→ **Instructions to follow**
Report each line of the records where "rescheduled" occurs.

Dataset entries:
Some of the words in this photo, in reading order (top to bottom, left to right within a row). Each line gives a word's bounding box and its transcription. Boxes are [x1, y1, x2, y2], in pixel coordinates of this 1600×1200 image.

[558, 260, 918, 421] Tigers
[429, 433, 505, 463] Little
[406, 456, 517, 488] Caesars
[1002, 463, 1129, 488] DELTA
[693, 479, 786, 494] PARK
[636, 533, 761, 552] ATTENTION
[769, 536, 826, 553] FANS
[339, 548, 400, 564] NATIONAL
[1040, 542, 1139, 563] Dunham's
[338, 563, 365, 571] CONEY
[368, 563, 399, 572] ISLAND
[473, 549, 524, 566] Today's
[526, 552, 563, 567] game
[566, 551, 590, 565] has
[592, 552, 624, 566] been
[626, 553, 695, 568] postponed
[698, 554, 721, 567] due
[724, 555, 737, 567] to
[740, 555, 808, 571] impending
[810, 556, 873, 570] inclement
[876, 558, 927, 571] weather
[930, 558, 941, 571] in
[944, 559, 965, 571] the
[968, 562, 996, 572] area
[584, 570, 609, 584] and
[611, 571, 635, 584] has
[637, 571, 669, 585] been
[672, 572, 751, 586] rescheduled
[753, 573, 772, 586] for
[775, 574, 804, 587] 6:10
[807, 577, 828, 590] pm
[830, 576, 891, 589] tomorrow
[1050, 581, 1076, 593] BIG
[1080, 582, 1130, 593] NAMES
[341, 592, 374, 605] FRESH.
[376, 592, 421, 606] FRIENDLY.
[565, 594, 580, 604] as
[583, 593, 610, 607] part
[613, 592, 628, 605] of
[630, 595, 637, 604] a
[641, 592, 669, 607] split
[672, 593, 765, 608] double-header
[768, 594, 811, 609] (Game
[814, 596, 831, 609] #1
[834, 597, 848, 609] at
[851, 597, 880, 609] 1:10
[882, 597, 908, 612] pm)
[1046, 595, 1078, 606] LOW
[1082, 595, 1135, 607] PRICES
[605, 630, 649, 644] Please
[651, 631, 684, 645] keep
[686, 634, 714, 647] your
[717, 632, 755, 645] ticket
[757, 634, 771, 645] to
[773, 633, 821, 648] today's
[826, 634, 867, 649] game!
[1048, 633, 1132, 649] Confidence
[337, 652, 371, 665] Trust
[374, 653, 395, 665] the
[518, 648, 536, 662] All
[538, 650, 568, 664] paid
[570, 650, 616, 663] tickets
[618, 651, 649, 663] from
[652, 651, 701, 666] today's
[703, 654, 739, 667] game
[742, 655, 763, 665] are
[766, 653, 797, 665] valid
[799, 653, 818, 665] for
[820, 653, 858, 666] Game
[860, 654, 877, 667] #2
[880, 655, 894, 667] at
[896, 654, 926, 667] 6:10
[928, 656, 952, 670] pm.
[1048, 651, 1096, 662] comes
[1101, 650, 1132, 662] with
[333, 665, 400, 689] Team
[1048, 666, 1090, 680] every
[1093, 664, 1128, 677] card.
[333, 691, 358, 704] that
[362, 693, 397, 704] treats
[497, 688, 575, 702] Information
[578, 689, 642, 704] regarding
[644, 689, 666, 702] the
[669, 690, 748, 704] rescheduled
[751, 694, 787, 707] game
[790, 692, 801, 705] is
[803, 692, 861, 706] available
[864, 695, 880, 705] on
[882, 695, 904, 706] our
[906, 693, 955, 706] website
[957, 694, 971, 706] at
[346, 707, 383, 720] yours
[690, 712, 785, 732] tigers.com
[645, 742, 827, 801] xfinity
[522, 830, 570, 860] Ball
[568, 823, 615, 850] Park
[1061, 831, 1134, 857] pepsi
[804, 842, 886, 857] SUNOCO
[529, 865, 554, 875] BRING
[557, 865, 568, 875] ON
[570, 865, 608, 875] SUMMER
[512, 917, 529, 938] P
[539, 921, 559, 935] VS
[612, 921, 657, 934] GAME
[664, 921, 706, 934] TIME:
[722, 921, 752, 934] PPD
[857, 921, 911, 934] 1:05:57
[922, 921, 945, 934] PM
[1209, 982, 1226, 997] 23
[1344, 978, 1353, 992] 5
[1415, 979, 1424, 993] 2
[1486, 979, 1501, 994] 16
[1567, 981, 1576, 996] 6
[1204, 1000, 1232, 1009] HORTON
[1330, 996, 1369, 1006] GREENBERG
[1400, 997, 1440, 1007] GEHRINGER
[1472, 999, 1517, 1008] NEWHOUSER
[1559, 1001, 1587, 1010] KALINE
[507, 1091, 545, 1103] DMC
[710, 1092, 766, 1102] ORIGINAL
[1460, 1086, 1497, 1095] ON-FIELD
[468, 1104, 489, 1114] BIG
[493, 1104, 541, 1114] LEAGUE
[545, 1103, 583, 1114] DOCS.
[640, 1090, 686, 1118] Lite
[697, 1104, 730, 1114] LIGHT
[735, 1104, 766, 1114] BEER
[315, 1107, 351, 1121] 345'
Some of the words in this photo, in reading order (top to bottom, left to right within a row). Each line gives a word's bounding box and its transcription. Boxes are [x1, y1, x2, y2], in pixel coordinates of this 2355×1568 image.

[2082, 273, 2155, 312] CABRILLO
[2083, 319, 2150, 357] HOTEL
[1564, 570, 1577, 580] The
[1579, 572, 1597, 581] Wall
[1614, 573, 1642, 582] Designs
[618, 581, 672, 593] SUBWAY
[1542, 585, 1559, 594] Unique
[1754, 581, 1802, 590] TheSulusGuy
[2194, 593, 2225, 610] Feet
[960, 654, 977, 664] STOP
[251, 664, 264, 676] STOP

→ **Exercise result**
[672, 572, 751, 586] rescheduled
[669, 690, 748, 704] rescheduled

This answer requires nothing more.